§ Task input
§ §

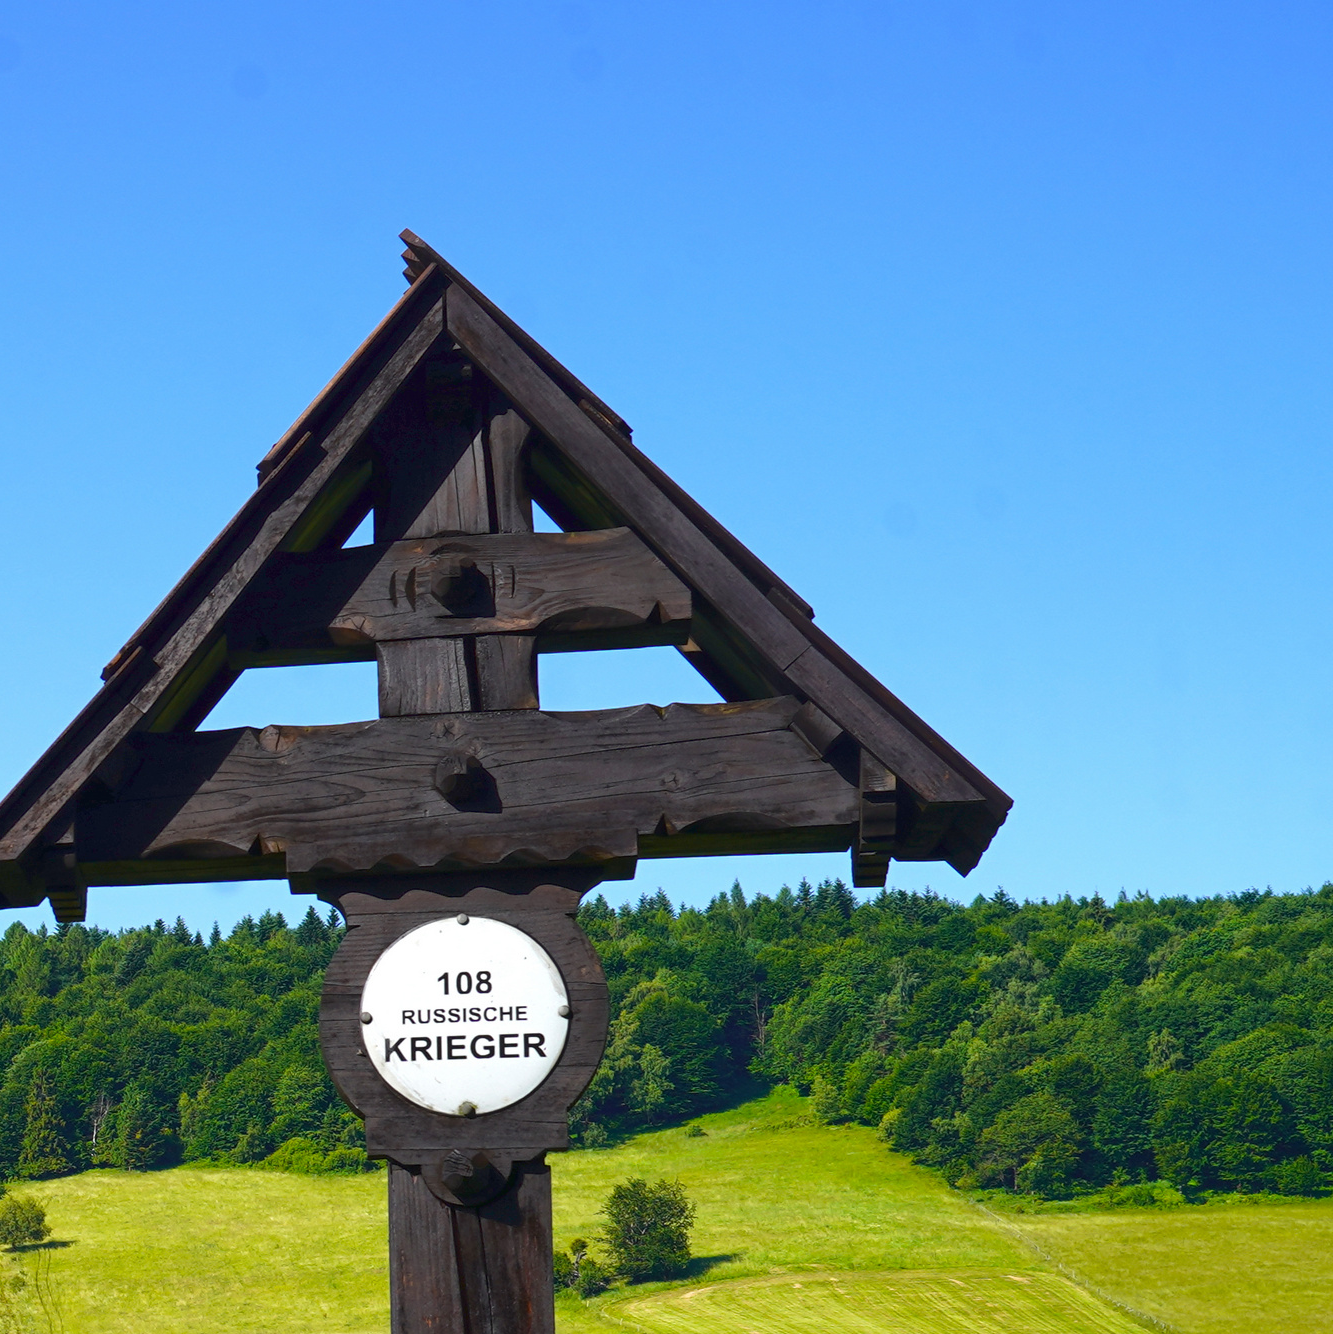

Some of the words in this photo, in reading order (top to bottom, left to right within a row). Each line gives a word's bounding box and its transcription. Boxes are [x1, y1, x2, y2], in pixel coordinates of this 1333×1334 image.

[438, 970, 492, 995] 108
[402, 1006, 528, 1024] RUSSISCHE
[385, 1032, 546, 1062] KRIEGER
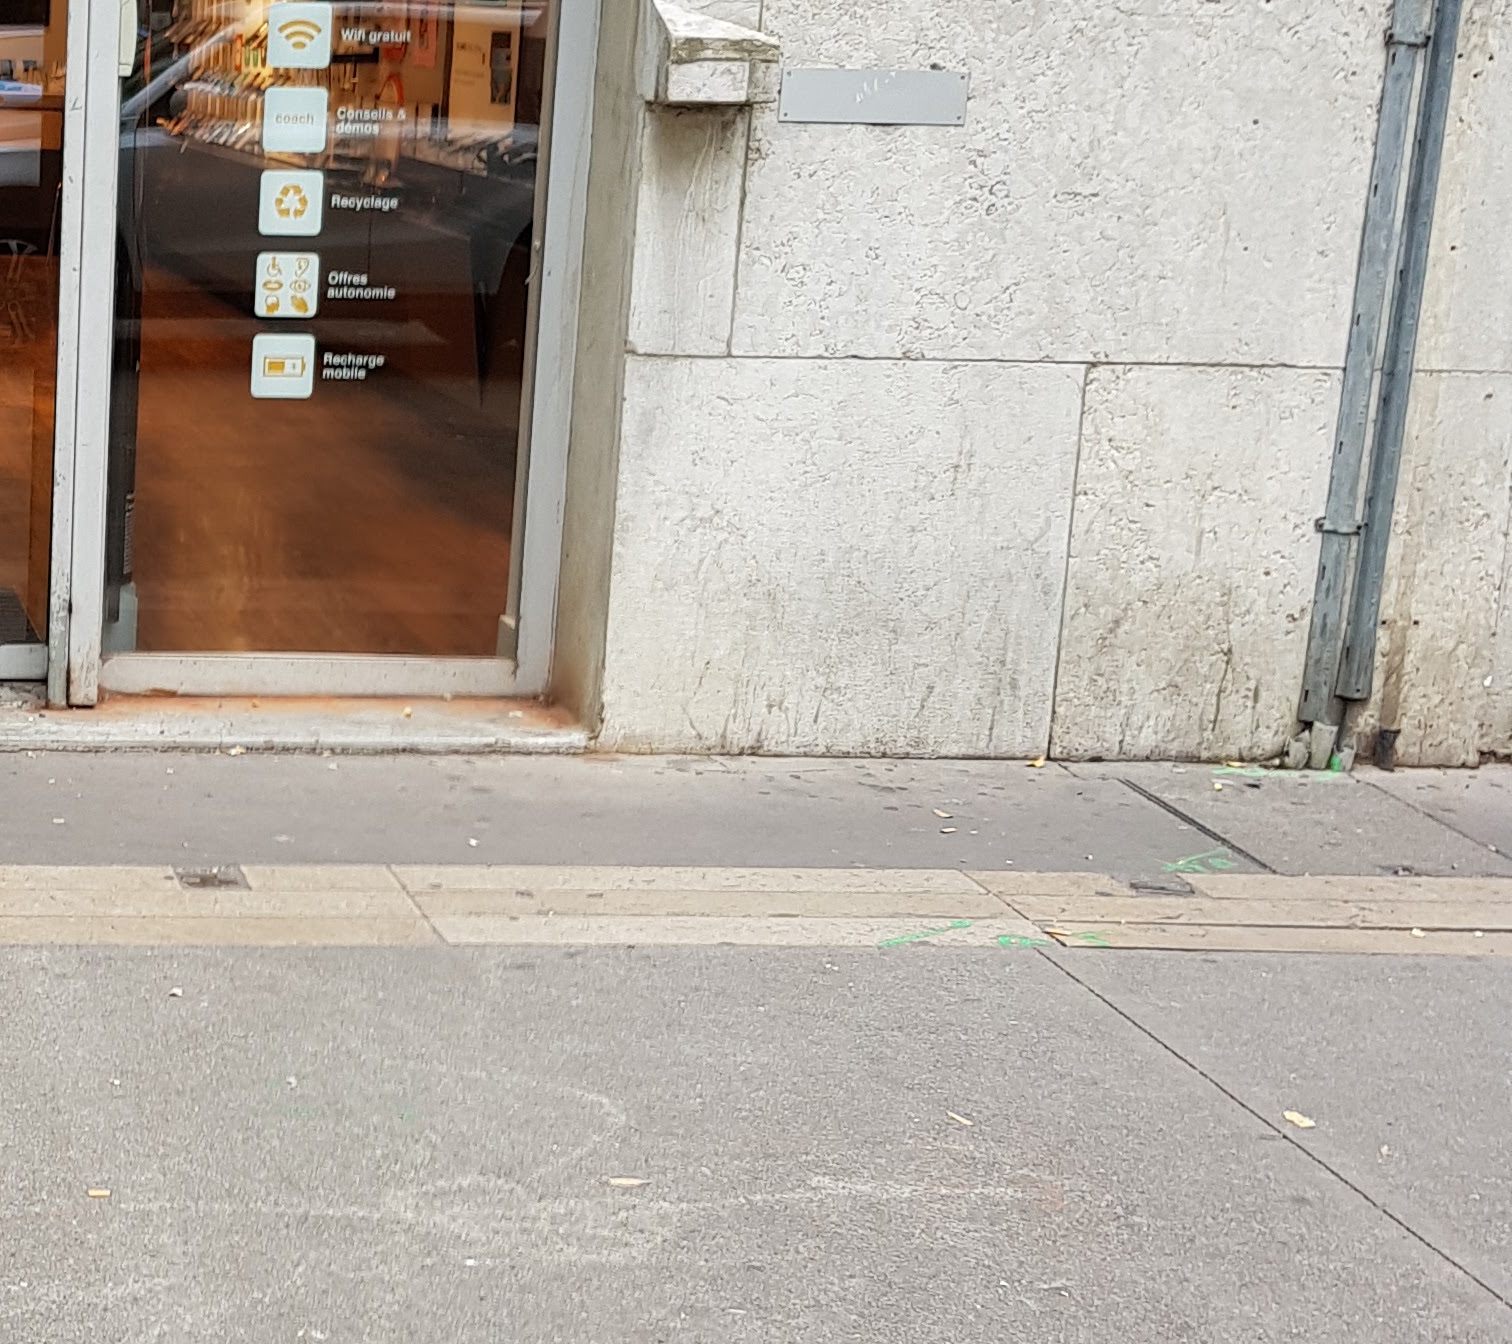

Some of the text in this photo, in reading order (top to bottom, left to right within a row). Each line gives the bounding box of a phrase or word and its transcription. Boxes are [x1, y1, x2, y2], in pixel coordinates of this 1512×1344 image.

[340, 27, 412, 44] Wifi gratuit
[336, 107, 393, 121] Conseils
[335, 120, 380, 134] démos
[331, 194, 399, 211] Recyclage
[327, 271, 368, 286] Offres
[326, 285, 396, 299] autonomie
[323, 352, 385, 369] Recharge
[322, 366, 366, 380] mobile

§ §

§ Required action
Only the text of the material belongs in your copy, which must match the original exactly.

§ The completed task
Some of the words in this photo, in reading order (top to bottom, left to right within a row). Each line gives a word's bounding box and its transcription. Boxes are [x1, y1, x2, y2], in pixel coordinates of this 1333×1334 image.

[438, 970, 492, 995] 108
[402, 1006, 528, 1024] RUSSISCHE
[385, 1032, 546, 1062] KRIEGER

Some of the text in this photo, in reading order (top to bottom, left to right within a row). Each line gives the bounding box of a phrase or word and its transcription. Boxes are [x1, y1, x2, y2], in pixel coordinates of this 1512×1344 image.

[340, 27, 412, 44] Wifi gratuit
[336, 107, 393, 121] Conseils
[335, 120, 380, 134] démos
[331, 194, 399, 211] Recyclage
[327, 271, 368, 286] Offres
[326, 285, 396, 299] autonomie
[323, 352, 385, 369] Recharge
[322, 366, 366, 380] mobile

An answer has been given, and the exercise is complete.